I finished drying the glass in my wing and began filling it with a hot bitter house blend, the steam fogging my spectacles obscuring my vision. I thankfully took this temporary blindness as a gift as I mixed the sweet milk into the sharp brew. I placed it gingerly on the saucer and passed it over to her.
"Piping hot's the only way" I instructed her.
"Thank you" she replied and took the cup to her mouth. Outwardly I treated her no different than any other customer. I keep records of what every regular likes, it's not unusual for me to know everybody's "usual." Sometimes I can even predict when they are going to come in. Freya's a morning person and likes her black italian roast at about seven thirty. Biskit comes in, in the early afternoon for his bold sumatra with cinnamon and nutmeg. Melba prefers her pre dinner cup sweetened and light just as the sun is about to go down.
But this one, always nine forty pm on the dot, every day. Always has been, and as long as coffee was still tolerated in her system would this remain. I always figured the caffeine did nothing for her, it was simply about the flavor. It's what brought us together in the first place, our appetites for all that is strong and bold.
She drains the cup and smiles. Another satisfied customer. She pushed the saucer towards me, I place it under the bar. "...Thank you" I say to her. Everyone's patronage is welcome at The Roost.
"Brewster... we've been through so much. Is the distance really necessary?" she asks, sad tired eyes surveying me over large black frames.
"There's no special treatment here" I say, turning away, cleaning the glass. Her glass, the glass lucky enough to have had her lips pressed upon it for those few remarkable seconds.
"I'm not asking for any kind of special treatment. You know that. But I come in here every day desiring nothing more than to talk to you."
She doesn't understand. She never did. "Then you come in here every day only to disappoint yourself." Little does she know that this is the most I've conversed with a customer in months.
"So you won't even give me this? We can't clear the air?" She was upset now, her pitch altered. I had never gotten a glass cleaner in my entire life.
"I don't think there's any air to clear. Everything is perfectly clear to me, I don't need anything from you. If I'm not mistaken, you followed me here." I regretted the words as soon as they escaped my beak. They were far milder in my head. The truth is very blunt and I couldn't shield her from it any longer.
For she did follow me here, to New Bark. I used to live in the city, opening shop in the heart of it's bustle. I was young, it was refreshing. It was the right place for me. It was where I met her. She wandered in just as I had been turning the chairs over after close, at nine forty. She looked a mess but beamed at me asking if she could just have one cup. She practically begged me, and promised to help me clean up the shop after she has finished. I pitted the bedraggled girl, a human among animals all alone. I pushed the cup of coffee over to her, completely black. I expected her to wrinkle her little nose at it and push it back at me. But to my surprise, and delight she gulped it down greedily. Her eyes shone with a newfound vigor and she asked me what she could do to help.
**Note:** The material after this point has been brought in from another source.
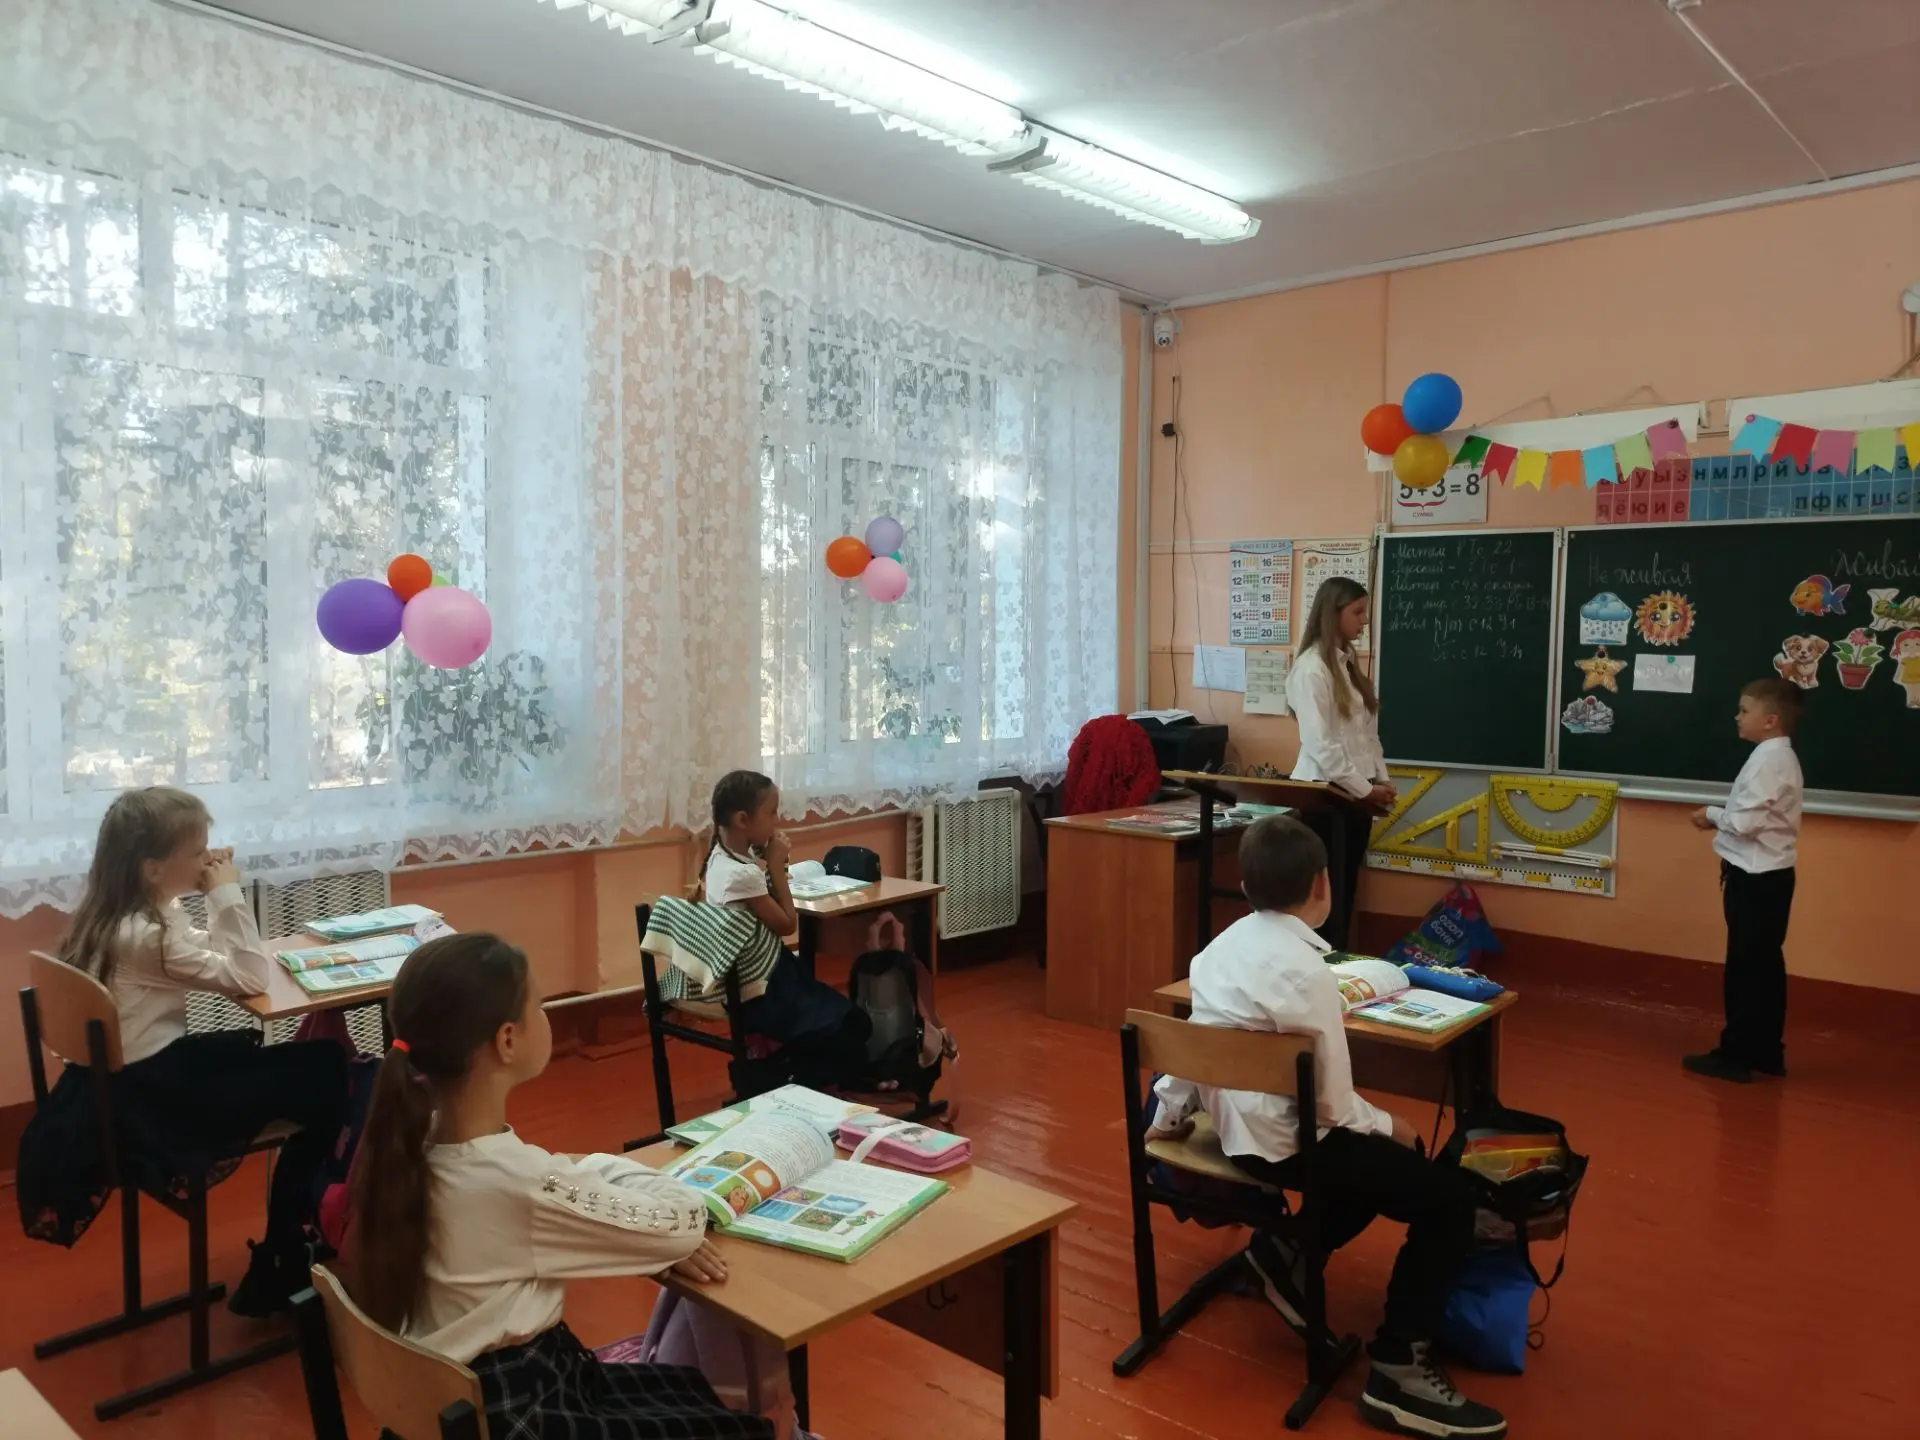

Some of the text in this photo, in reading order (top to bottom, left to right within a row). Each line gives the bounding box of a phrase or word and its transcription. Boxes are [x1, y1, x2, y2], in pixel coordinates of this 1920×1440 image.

As we cleaned I learned that her name was Daisy and that she had come from an ocean town called Seafoam. She was lively and open, a little too open for her own good. She was loud and boisterous, everything I wasn't. But she was passionate, and thoughtful and intellectual, and I found myself unable to keep from looking at her. Her youthful glow was intoxicating to me. I became drunk with this girl, lost in her stories, drowned in her spirit. I needed more so after we finished cleaning, I agreed to her invitation to dinner the following night.
The next morning when I woke, I tried with all of my might to find a logical reason for the previous night's events to have all been part of some elaborate illusion. I was reserved, I kept to myself, my personal life was very quiet and simple. A brilliant contrast to the hectic world my job took place in. But none the less, I attended her dinner date and was engulfed by her spirt once again, swallowed whole by her being.
Time went on and I was completely, irrevocably and madly in love with her. And any fool could tell she felt the same way. And this was enough for me, I had no need or desire to pursue a romantic relationship with her. I was content to be her companion on a day to day basis. Entering into a relationship with her would entitle her to ask things of me that I might now be willing to grant her. And to simply know her carnally without the relationship previously established would just be unfair and painful for her.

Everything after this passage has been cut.